## What is expected
Take the data below and write it out exactly, except for the pictures.

## Data to process
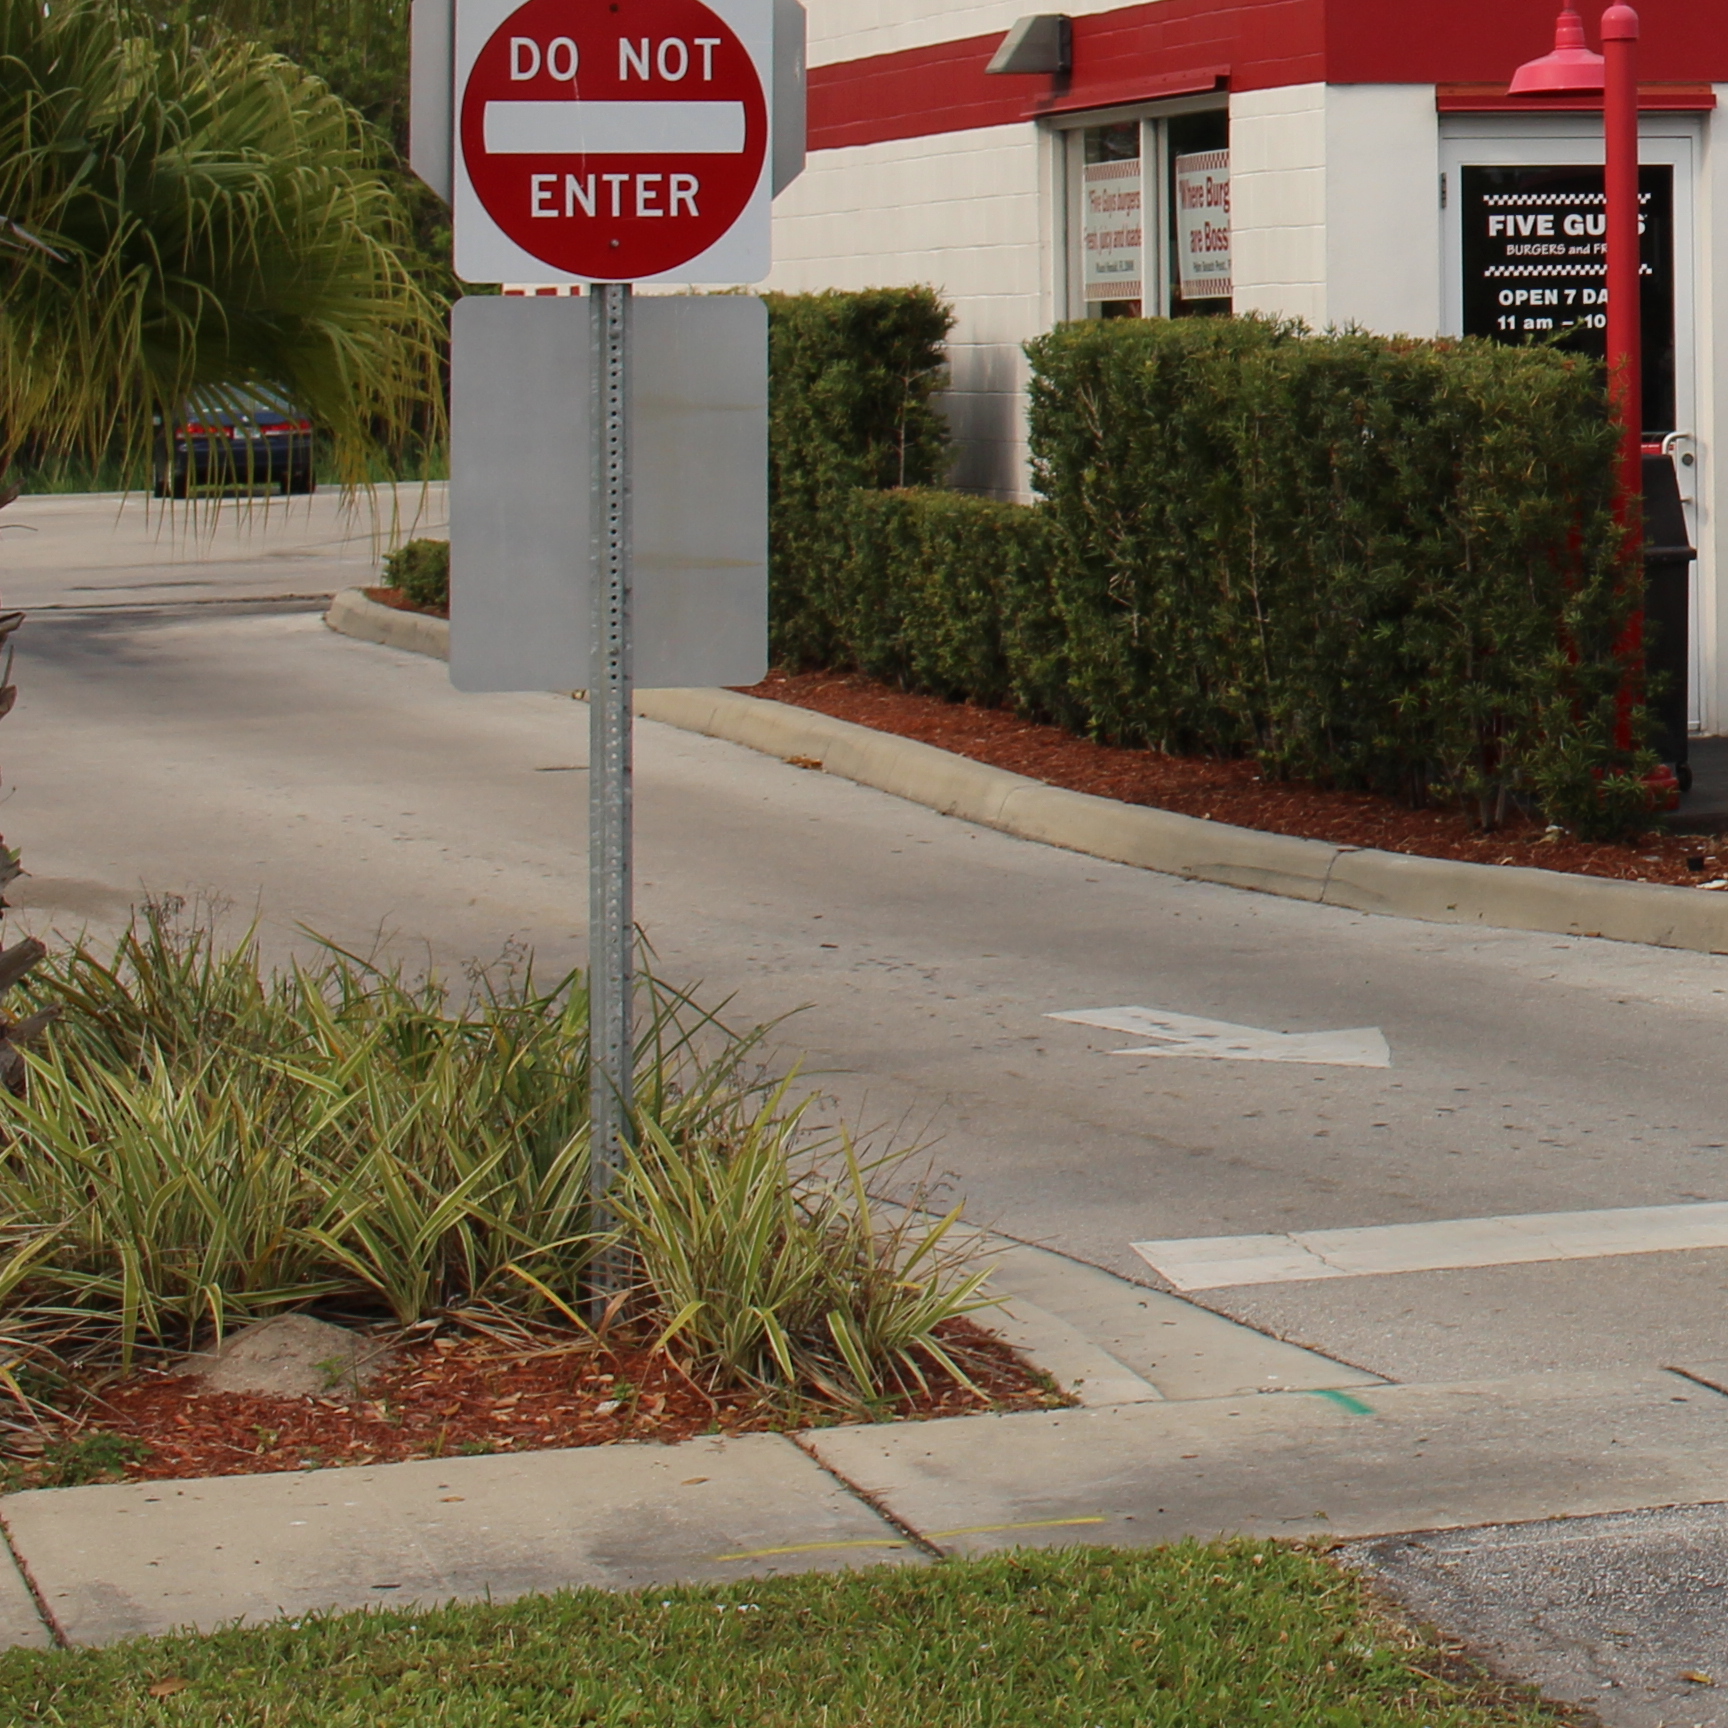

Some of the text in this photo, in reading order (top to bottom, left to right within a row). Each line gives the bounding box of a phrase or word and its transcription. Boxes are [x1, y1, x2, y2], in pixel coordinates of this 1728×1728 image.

[509, 36, 722, 82] DO NOT
[530, 173, 700, 218] ENTER
[1206, 176, 1230, 213] Burg
[1488, 214, 1555, 237] FIVE
[1506, 243, 1566, 256] BURGERS
[1568, 243, 1591, 255] and
[1498, 289, 1608, 306] OPEN 7 DA
[1497, 315, 1516, 331] 11
[1523, 317, 1553, 330] am
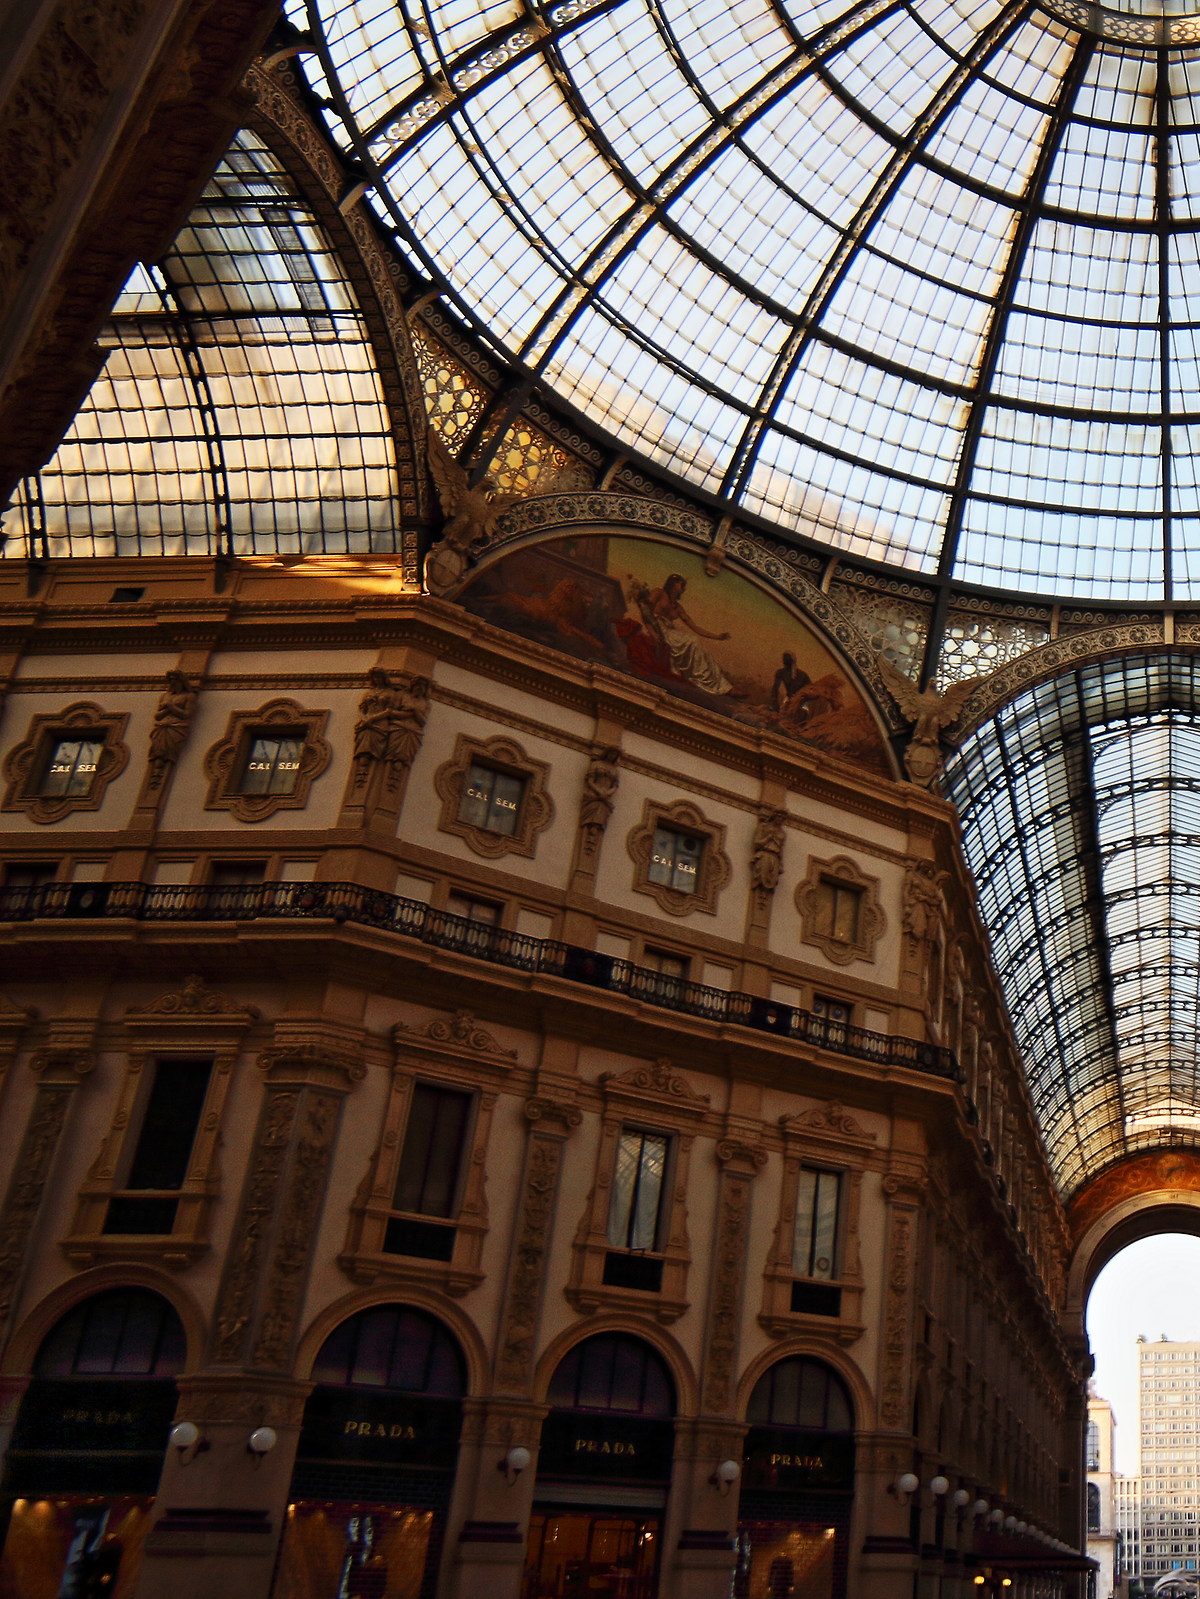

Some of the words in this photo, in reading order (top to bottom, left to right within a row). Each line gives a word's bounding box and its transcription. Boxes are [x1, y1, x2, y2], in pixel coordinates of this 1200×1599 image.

## Expected answer
Some of the text in this photo, in reading order (top to bottom, left to right within a row). Each line gives the bounding box of a phrase or word and its transcription. Boxes are [x1, y1, x2, y2], in pixel coordinates of this 1728×1728 image.

[509, 36, 722, 82] DO NOT
[530, 173, 700, 218] ENTER
[1206, 176, 1230, 213] Burg
[1488, 214, 1555, 237] FIVE
[1506, 243, 1566, 256] BURGERS
[1568, 243, 1591, 255] and
[1498, 289, 1608, 306] OPEN 7 DA
[1497, 315, 1516, 331] 11
[1523, 317, 1553, 330] am

Some of the words in this photo, in reading order (top to bottom, left to right within a row). Each line gives a word's bounding box and its transcription. Boxes are [x1, y1, x2, y2], in pixel coordinates of this 1200×1599 image.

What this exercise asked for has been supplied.